Vote on the fee switch: Snapshot | Fee switch Pilot for Three Pairs
The disconnect between the success of a protocol and the token has been most apparent in Uniswap, after becoming the largest DEX by volume on Ethereum L1 (with 67.9% share). The protocol has generated $1.20B for its LPs over the past year. Nearly every other major spot or derivatives DEX, such as Curve, Balancer, SushiSwap, GMX, dYdX, and Perpetual Protocol, take a cut of LP fees.
Given this, it seems likely that Uniswap also should be able to charge a fee without losing a meaningful percentage of market share. By toggling the fee switch via a governance vote by UNI holders, the Uniswap DAO can accrue between 10-25% of the fees earned by LPs on a pool-by-pool basis. A proposal to turn on the fee switch for three pools has made its way through the Uniswap governance.
The proposal suggests taking the smallest take rate – a 10% cut of LP fees for three pools on Uniswap’s Ethereum deployment. The fee switch will be activated for 120 days (~4 months), and fees earned will accrue to the Uniswap DAO treasury. The selected pools, and their fee-tiers, are as follows:
- ETH-DAI (0.05%)
- ETH-USDT (0.30%)
- ETH-USDC (1%)
Analysis of possible Revenue generation
We can take a look at how much Uniswap would have earned if the 10% protocol fee was toggled for these three pools. To get a better idea of earnings in different market conditions, we’ll take a look at the fees earned during the past 30, 120 (proposal duration), and 365 days. In addition, we’ll also check what portion of total Uniswap trading volumes and LP fees over these periods was derived from the three pools.
30 Days (July-August 2022)
30-Day Trading Volume = $1.31B,
Fees earned by LPs = $2.90M.
Protocol Revenue (if fee switch was on) = $290K or ~$3.48M (annualized)
Largest contributor to fees -> wETH-USDT pool with 74.4% of protocol income
Contribution of 3 pools to total trading volume = 3.08%
Contribution of 3 pools to total fees = 5.71%
120-Day Trading Volume = $6.41B,
Fees earned by LPs = $16.04M
Protocol Revenue (if fee switch was on) = $1.60M or ~$4.87M (annualized)

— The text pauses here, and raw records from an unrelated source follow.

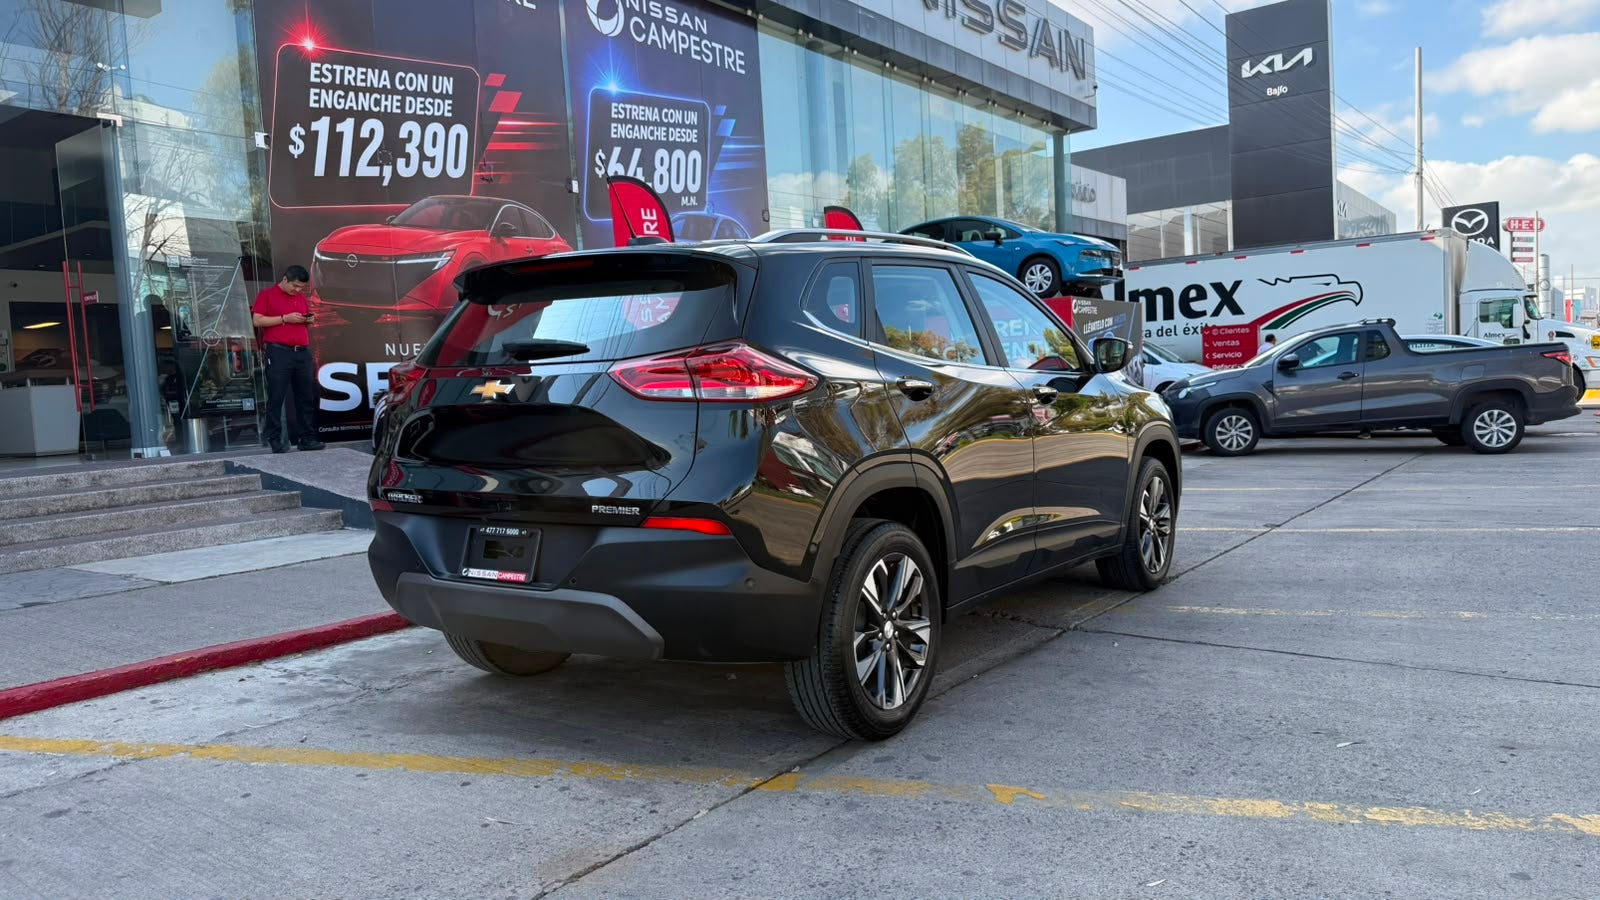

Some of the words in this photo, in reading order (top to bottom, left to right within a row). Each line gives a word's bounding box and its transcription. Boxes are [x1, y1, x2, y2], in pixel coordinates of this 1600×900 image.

[625, 0, 708, 35] NISSAN
[630, 17, 746, 74] CAMPESTRE
[924, 0, 1086, 80] SSAN
[1241, 47, 1313, 79] KIA
[310, 62, 391, 89] ESTRENA
[395, 71, 428, 93] CON
[432, 76, 453, 95] UN
[1266, 85, 1288, 97] Bajío
[309, 88, 401, 113] ENGANCHE
[405, 97, 453, 117] DESDE
[611, 102, 660, 122] ESTRENA
[661, 108, 683, 124] CON
[684, 111, 698, 125] UN
[610, 123, 667, 141] ENGANCHE
[668, 127, 698, 143] DESDE
[681, 196, 698, 206] M.N.
[640, 207, 660, 235] RE
[1144, 329, 1152, 338] a
[1156, 326, 1178, 338] del
[1219, 327, 1250, 335] Clientes
[385, 343, 422, 356] NUE
[1212, 339, 1240, 348] Ventas
[1212, 351, 1242, 360] Servicio
[318, 361, 402, 412] SE
[591, 505, 640, 515] PREMIER
[468, 569, 498, 578] NISSAN

Largest contributor to fees -> wETH-USDT pool with 81.7% of protocol income
Contribution of 3 pools to total trading volume = 3.32%
Contribution of 3 pools to total fees = 6.68%
Past 365-Days Trading Volume = $40.40B,
Fees earned by LPs = $78.19M
Protocol Revenue (if fee switch was on) = $7.82M
Largest contributor to fees -> wETH-USDT pool with 80.8% of protocol income
Contribution of 3 pools to total trading volume = 5.69%
Contribution of 3 pools to total fees = 6.47%
Uniswap would have generated anywhere between $3.48M-$7.82M in annualized profit had the fee switch been turned on for the 3 pools. Most importantly, the 3 pools only accounted for a small portion – making up just 3.08-5.69% of total volumes and 5.71-6.68% of total fees, depending on the period.
But what if every single liquidity pool turned on a flat 10% fee for protocol revenue
Uniswap would have earned $5.07M (~$61.68M annualized), $23.99M (~$72.96M annualized), and $120.8M over the 30, 120, and 365-day periods, respectively.